- **MATERIAL FOR THE TASK**
####

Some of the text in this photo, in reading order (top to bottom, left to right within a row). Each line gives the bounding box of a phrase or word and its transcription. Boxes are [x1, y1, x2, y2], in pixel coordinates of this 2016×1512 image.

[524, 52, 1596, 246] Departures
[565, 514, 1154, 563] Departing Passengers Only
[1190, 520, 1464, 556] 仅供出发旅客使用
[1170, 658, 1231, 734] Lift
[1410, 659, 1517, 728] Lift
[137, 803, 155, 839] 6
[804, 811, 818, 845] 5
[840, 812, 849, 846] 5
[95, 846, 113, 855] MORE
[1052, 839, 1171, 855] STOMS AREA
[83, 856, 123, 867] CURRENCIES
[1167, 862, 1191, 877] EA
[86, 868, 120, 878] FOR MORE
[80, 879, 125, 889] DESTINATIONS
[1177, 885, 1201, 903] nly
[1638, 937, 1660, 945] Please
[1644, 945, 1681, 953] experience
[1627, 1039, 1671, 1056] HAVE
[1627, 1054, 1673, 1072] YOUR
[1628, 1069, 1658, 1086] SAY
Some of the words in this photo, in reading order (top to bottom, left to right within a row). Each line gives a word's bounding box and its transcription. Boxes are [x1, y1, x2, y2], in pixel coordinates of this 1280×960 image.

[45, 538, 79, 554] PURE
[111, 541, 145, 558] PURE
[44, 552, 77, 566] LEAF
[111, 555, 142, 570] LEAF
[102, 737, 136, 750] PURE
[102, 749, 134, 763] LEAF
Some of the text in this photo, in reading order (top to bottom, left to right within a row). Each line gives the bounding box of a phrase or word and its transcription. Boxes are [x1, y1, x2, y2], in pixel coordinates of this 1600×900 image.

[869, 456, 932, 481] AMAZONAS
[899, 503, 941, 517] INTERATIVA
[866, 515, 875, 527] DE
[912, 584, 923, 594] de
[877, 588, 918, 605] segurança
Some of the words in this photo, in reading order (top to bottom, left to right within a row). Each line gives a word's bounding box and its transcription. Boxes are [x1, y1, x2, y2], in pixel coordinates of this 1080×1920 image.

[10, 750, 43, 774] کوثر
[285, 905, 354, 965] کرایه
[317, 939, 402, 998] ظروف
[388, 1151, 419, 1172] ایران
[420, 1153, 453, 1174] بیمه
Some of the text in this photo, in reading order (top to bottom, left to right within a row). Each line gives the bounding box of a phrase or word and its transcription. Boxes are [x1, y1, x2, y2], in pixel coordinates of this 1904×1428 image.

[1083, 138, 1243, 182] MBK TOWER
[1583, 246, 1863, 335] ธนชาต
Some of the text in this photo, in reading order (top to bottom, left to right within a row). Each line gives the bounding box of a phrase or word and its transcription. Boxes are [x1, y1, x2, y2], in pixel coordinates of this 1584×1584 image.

####

- **DIRECTIONS FOR THIS TASK**
Print the entries exactly.

- **SOLUTION TO THIS EXERCISE**
Some of the text in this photo, in reading order (top to bottom, left to right within a row). Each line gives the bounding box of a phrase or word and its transcription. Boxes are [x1, y1, x2, y2], in pixel coordinates of this 2016×1512 image.

[524, 52, 1596, 246] Departures
[565, 514, 1154, 563] Departing Passengers Only
[1190, 520, 1464, 556] 仅供出发旅客使用
[1170, 658, 1231, 734] Lift
[1410, 659, 1517, 728] Lift
[137, 803, 155, 839] 6
[804, 811, 818, 845] 5
[840, 812, 849, 846] 5
[95, 846, 113, 855] MORE
[1052, 839, 1171, 855] STOMS AREA
[83, 856, 123, 867] CURRENCIES
[1167, 862, 1191, 877] EA
[86, 868, 120, 878] FOR MORE
[80, 879, 125, 889] DESTINATIONS
[1177, 885, 1201, 903] nly
[1638, 937, 1660, 945] Please
[1644, 945, 1681, 953] experience
[1627, 1039, 1671, 1056] HAVE
[1627, 1054, 1673, 1072] YOUR
[1628, 1069, 1658, 1086] SAY
Some of the words in this photo, in reading order (top to bottom, left to right within a row). Each line gives a word's bounding box and its transcription. Boxes are [x1, y1, x2, y2], in pixel coordinates of this 1280×960 image.

[45, 538, 79, 554] PURE
[111, 541, 145, 558] PURE
[44, 552, 77, 566] LEAF
[111, 555, 142, 570] LEAF
[102, 737, 136, 750] PURE
[102, 749, 134, 763] LEAF
Some of the text in this photo, in reading order (top to bottom, left to right within a row). Each line gives the bounding box of a phrase or word and its transcription. Boxes are [x1, y1, x2, y2], in pixel coordinates of this 1600×900 image.

[869, 456, 932, 481] AMAZONAS
[899, 503, 941, 517] INTERATIVA
[866, 515, 875, 527] DE
[912, 584, 923, 594] de
[877, 588, 918, 605] segurança
Some of the words in this photo, in reading order (top to bottom, left to right within a row). Each line gives a word's bounding box and its transcription. Boxes are [x1, y1, x2, y2], in pixel coordinates of this 1080×1920 image.

[10, 750, 43, 774] کوثر
[285, 905, 354, 965] کرایه
[317, 939, 402, 998] ظروف
[388, 1151, 419, 1172] ایران
[420, 1153, 453, 1174] بیمه
Some of the text in this photo, in reading order (top to bottom, left to right within a row). Each line gives the bounding box of a phrase or word and its transcription. Boxes are [x1, y1, x2, y2], in pixel coordinates of this 1904×1428 image.

[1083, 138, 1243, 182] MBK TOWER
[1583, 246, 1863, 335] ธนชาต
Some of the text in this photo, in reading order (top to bottom, left to right within a row). Each line gives the bounding box of a phrase or word and its transcription. Boxes are [x1, y1, x2, y2], in pixel coordinates of this 1584×1584 image.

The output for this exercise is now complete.